REQUIRED WORK -> Leave out the images and repeat every entry below exactly.
SUPPLIED DATA START
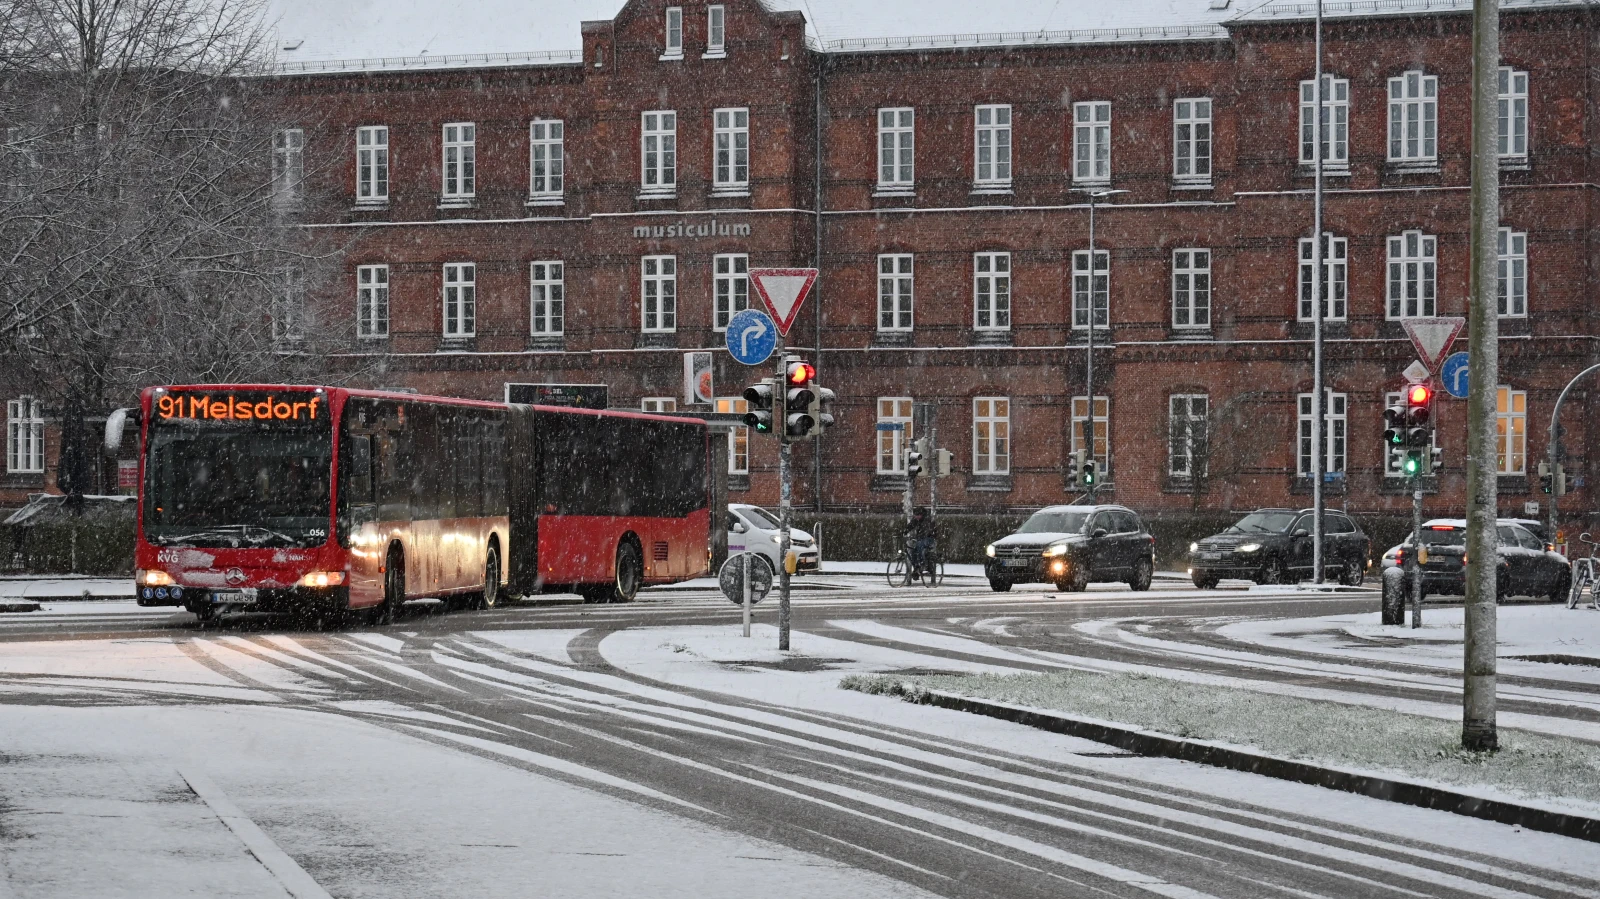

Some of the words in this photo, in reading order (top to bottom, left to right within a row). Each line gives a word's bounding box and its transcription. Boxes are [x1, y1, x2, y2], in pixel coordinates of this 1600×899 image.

[633, 219, 751, 238] musiculum
[159, 395, 184, 419] 91
[190, 395, 320, 420] Melsdorf
[309, 528, 325, 537] 056
[157, 554, 179, 563] KVG
[219, 593, 229, 602] KI
SUPPLIED DATA END
WRITTEN SOLUTION ->
Some of the words in this photo, in reading order (top to bottom, left to right within a row). Each line gives a word's bounding box and its transcription. Boxes are [x1, y1, x2, y2], in pixel coordinates of this 1600×899 image.

[633, 219, 751, 238] musiculum
[159, 395, 184, 419] 91
[190, 395, 320, 420] Melsdorf
[309, 528, 325, 537] 056
[157, 554, 179, 563] KVG
[219, 593, 229, 602] KI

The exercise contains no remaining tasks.